Os preços do barril de petróleo se recuperaram nesta quarta-feira (10) em Londres e em Nova York, indiferentes aos fortes recuos apresentados pelos mercados de ações, com os investidores reagindo ao anúncio de uma queda vertiginosa e inesperada das reservas da commodity nos Estados Unidos.
No New York Mercantile Exchange (Nymex), o barril do WTI para entrega em setembro terminou cotado a US$ 82,89, alta de US$ 3,59 em relação à terça-feira.
No IntercontinentalExchange de Londres, o barril de Brent do mar do Norte com igual vencimento avançou US$ 4,11, fechando a US$ 106,68.
"Certamente nós devemos nos preocupar com eventuais quedas da nota da dívida de França e Itália, pois o panorama econômico piorou nas últimas semanas, mas alcançamos um patamar no qual as vendas foram exageradas", explicou Rich Ilczyszyn, da MF Global.
A forte alta do mercado petroleiro seguiu na contramão da nova queda dos mercados de ações registrada nesta quarta-feira, em especial nos principais pregões da Europa.
Esses mercados foram arrastados pela queda das ações de bancos após terem sido reavivados os temores sobre a Grécia e rumores - desmentidos - do rebaixamento da nota da dívida da França.
Esses temores junto aos de uma desaceleração do crescimento, e até mesmo de um retorno da recessão, também pesaram sobre as bolsas dos Estados Unidos.
Para Rich Ilczyszyn, os investidores buscam um preço "base" no mercado petroleiro.
"As vendas foram exageradas nos últimos dias", concordou Tom Bentz, do BNP Paribas. O barril de WTI chegou a ficar abaixo dos US$ 76 nas operações da Ásia, em meio à tormenta dos mercados financeiros.

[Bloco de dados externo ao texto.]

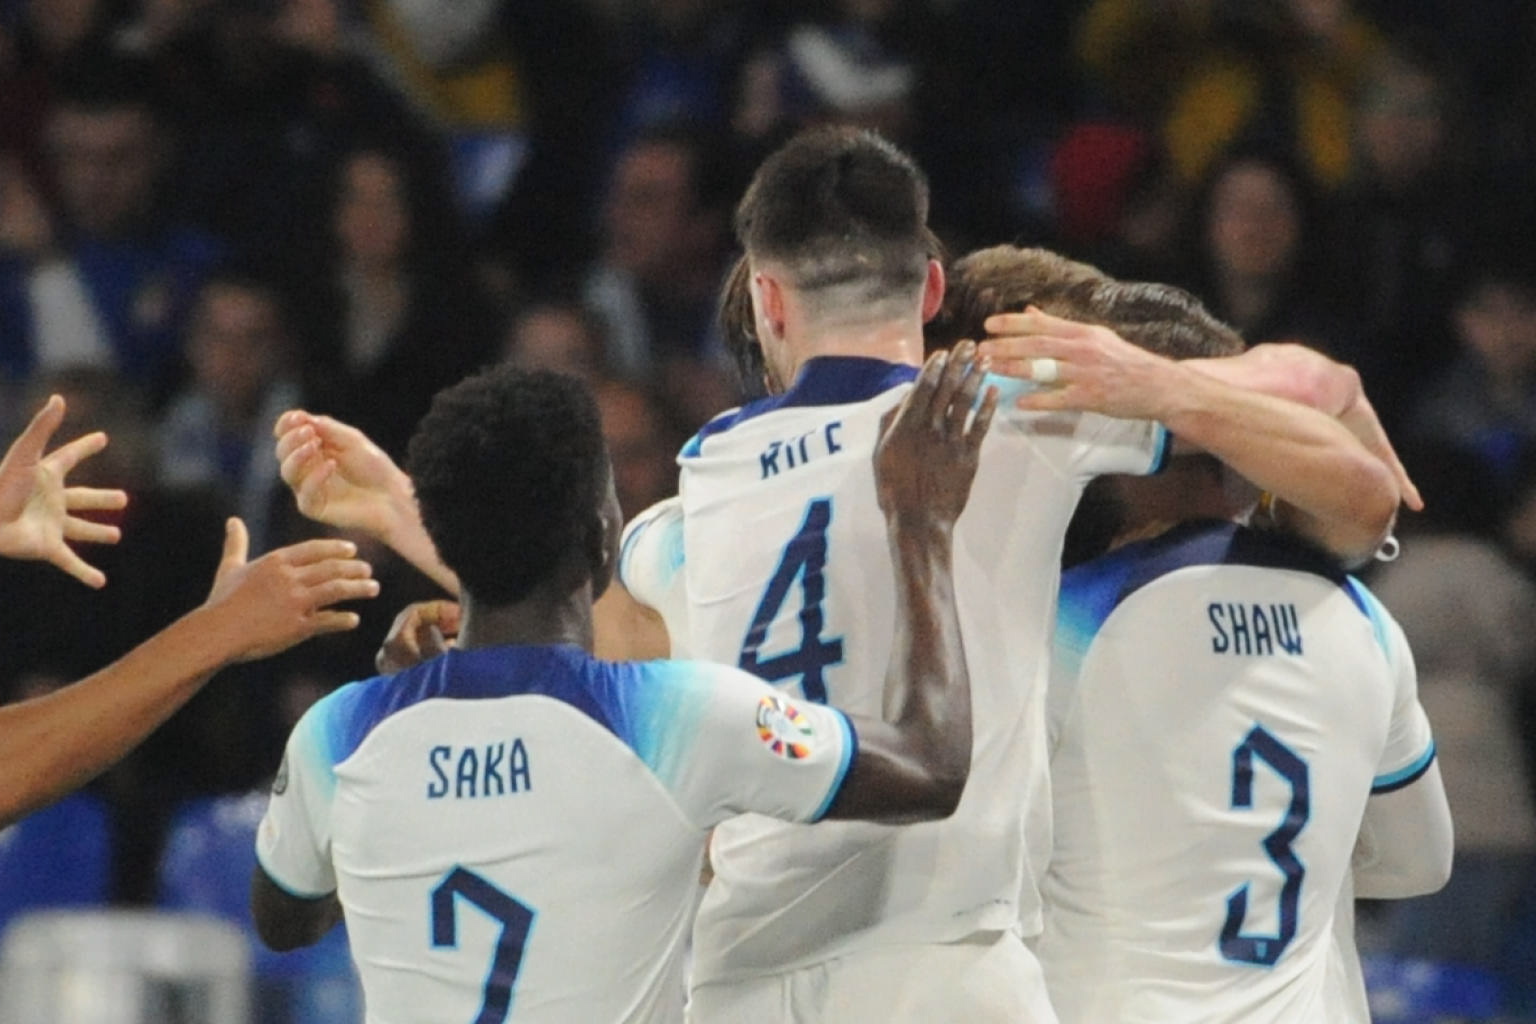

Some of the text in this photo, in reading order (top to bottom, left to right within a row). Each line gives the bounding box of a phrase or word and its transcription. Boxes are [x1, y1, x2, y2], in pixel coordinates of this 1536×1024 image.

Outro fator de apoio para o mercado petroleiro nesta quarta-feira foi a queda espetacular e inesperada das reservas de petróleo na semana passada nos Estados Unidos, que segundo o informe do Departamento de Energia perderam 5,2 milhões de barris, quando os analistas esperavam por um incremento de 1,1 milhão de barris.
A cifra, no entanto, saiu em linha com as estimativas da API, grupo de petroleiros americanos, "dando credibilidade" aos dados, estimou Rich Ilczyszyn.